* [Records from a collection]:
"""

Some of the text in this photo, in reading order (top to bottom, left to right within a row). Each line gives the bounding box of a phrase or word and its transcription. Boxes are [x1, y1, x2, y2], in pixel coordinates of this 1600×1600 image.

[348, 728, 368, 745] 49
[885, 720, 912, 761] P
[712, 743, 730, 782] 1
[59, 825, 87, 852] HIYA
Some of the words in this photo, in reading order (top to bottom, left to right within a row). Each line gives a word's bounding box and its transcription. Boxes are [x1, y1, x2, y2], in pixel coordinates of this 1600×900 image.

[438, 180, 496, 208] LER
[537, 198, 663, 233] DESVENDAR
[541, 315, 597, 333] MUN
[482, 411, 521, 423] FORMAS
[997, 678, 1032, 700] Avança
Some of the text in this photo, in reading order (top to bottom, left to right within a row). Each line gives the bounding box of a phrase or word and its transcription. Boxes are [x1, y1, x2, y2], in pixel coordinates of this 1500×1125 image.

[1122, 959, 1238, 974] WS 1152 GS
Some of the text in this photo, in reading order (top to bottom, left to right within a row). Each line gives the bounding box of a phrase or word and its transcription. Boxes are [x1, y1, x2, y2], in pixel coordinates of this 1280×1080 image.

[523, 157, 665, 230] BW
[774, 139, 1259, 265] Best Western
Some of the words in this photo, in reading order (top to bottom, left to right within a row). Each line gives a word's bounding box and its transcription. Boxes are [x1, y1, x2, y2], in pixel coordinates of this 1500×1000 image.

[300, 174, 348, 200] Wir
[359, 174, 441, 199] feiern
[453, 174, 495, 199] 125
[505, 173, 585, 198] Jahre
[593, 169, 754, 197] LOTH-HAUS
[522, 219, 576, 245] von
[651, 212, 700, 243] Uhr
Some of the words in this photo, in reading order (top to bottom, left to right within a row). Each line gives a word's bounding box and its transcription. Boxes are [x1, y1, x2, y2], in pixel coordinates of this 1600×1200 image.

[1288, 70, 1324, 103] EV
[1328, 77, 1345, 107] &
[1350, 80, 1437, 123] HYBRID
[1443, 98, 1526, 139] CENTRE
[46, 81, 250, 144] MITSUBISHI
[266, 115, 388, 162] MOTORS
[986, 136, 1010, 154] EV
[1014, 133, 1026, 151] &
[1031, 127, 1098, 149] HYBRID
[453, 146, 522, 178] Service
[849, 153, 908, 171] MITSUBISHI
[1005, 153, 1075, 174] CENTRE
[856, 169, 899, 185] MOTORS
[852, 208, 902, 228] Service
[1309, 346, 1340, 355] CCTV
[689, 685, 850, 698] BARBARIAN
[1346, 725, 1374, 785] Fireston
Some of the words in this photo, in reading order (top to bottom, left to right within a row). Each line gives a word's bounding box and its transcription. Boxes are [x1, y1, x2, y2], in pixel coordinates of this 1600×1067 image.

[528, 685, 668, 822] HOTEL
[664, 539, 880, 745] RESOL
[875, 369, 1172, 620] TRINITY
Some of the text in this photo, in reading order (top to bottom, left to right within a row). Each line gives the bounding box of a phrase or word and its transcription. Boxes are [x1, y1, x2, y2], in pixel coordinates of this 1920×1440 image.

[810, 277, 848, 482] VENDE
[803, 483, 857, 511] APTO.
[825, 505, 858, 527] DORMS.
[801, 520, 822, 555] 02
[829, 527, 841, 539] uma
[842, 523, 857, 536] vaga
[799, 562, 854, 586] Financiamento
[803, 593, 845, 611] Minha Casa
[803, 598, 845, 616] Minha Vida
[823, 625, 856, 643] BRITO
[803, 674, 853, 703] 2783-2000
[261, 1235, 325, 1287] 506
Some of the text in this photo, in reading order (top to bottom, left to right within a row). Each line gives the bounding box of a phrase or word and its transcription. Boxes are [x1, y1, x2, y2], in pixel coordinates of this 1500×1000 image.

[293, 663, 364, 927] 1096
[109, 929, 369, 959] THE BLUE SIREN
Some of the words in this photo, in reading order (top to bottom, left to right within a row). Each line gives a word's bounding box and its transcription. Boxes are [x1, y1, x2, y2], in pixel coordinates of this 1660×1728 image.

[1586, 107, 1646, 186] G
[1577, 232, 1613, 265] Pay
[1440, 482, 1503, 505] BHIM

"""

Output the complete data exactly as written.

* [ANSWER FOR THIS EXERCISE]:
Some of the text in this photo, in reading order (top to bottom, left to right within a row). Each line gives the bounding box of a phrase or word and its transcription. Boxes are [x1, y1, x2, y2], in pixel coordinates of this 1600×1600 image.

[348, 728, 368, 745] 49
[885, 720, 912, 761] P
[712, 743, 730, 782] 1
[59, 825, 87, 852] HIYA
Some of the words in this photo, in reading order (top to bottom, left to right within a row). Each line gives a word's bounding box and its transcription. Boxes are [x1, y1, x2, y2], in pixel coordinates of this 1600×900 image.

[438, 180, 496, 208] LER
[537, 198, 663, 233] DESVENDAR
[541, 315, 597, 333] MUN
[482, 411, 521, 423] FORMAS
[997, 678, 1032, 700] Avança
Some of the text in this photo, in reading order (top to bottom, left to right within a row). Each line gives the bounding box of a phrase or word and its transcription. Boxes are [x1, y1, x2, y2], in pixel coordinates of this 1500×1125 image.

[1122, 959, 1238, 974] WS 1152 GS
Some of the text in this photo, in reading order (top to bottom, left to right within a row). Each line gives the bounding box of a phrase or word and its transcription. Boxes are [x1, y1, x2, y2], in pixel coordinates of this 1280×1080 image.

[523, 157, 665, 230] BW
[774, 139, 1259, 265] Best Western
Some of the words in this photo, in reading order (top to bottom, left to right within a row). Each line gives a word's bounding box and its transcription. Boxes are [x1, y1, x2, y2], in pixel coordinates of this 1500×1000 image.

[300, 174, 348, 200] Wir
[359, 174, 441, 199] feiern
[453, 174, 495, 199] 125
[505, 173, 585, 198] Jahre
[593, 169, 754, 197] LOTH-HAUS
[522, 219, 576, 245] von
[651, 212, 700, 243] Uhr
Some of the words in this photo, in reading order (top to bottom, left to right within a row). Each line gives a word's bounding box and its transcription. Boxes are [x1, y1, x2, y2], in pixel coordinates of this 1600×1200 image.

[1288, 70, 1324, 103] EV
[1328, 77, 1345, 107] &
[1350, 80, 1437, 123] HYBRID
[1443, 98, 1526, 139] CENTRE
[46, 81, 250, 144] MITSUBISHI
[266, 115, 388, 162] MOTORS
[986, 136, 1010, 154] EV
[1014, 133, 1026, 151] &
[1031, 127, 1098, 149] HYBRID
[453, 146, 522, 178] Service
[849, 153, 908, 171] MITSUBISHI
[1005, 153, 1075, 174] CENTRE
[856, 169, 899, 185] MOTORS
[852, 208, 902, 228] Service
[1309, 346, 1340, 355] CCTV
[689, 685, 850, 698] BARBARIAN
[1346, 725, 1374, 785] Fireston
Some of the words in this photo, in reading order (top to bottom, left to right within a row). Each line gives a word's bounding box and its transcription. Boxes are [x1, y1, x2, y2], in pixel coordinates of this 1600×1067 image.

[528, 685, 668, 822] HOTEL
[664, 539, 880, 745] RESOL
[875, 369, 1172, 620] TRINITY
Some of the text in this photo, in reading order (top to bottom, left to right within a row). Each line gives the bounding box of a phrase or word and its transcription. Boxes are [x1, y1, x2, y2], in pixel coordinates of this 1920×1440 image.

[810, 277, 848, 482] VENDE
[803, 483, 857, 511] APTO.
[825, 505, 858, 527] DORMS.
[801, 520, 822, 555] 02
[829, 527, 841, 539] uma
[842, 523, 857, 536] vaga
[799, 562, 854, 586] Financiamento
[803, 593, 845, 611] Minha Casa
[803, 598, 845, 616] Minha Vida
[823, 625, 856, 643] BRITO
[803, 674, 853, 703] 2783-2000
[261, 1235, 325, 1287] 506
Some of the text in this photo, in reading order (top to bottom, left to right within a row). Each line gives the bounding box of a phrase or word and its transcription. Boxes are [x1, y1, x2, y2], in pixel coordinates of this 1500×1000 image.

[293, 663, 364, 927] 1096
[109, 929, 369, 959] THE BLUE SIREN
Some of the words in this photo, in reading order (top to bottom, left to right within a row). Each line gives a word's bounding box and its transcription. Boxes are [x1, y1, x2, y2], in pixel coordinates of this 1660×1728 image.

[1586, 107, 1646, 186] G
[1577, 232, 1613, 265] Pay
[1440, 482, 1503, 505] BHIM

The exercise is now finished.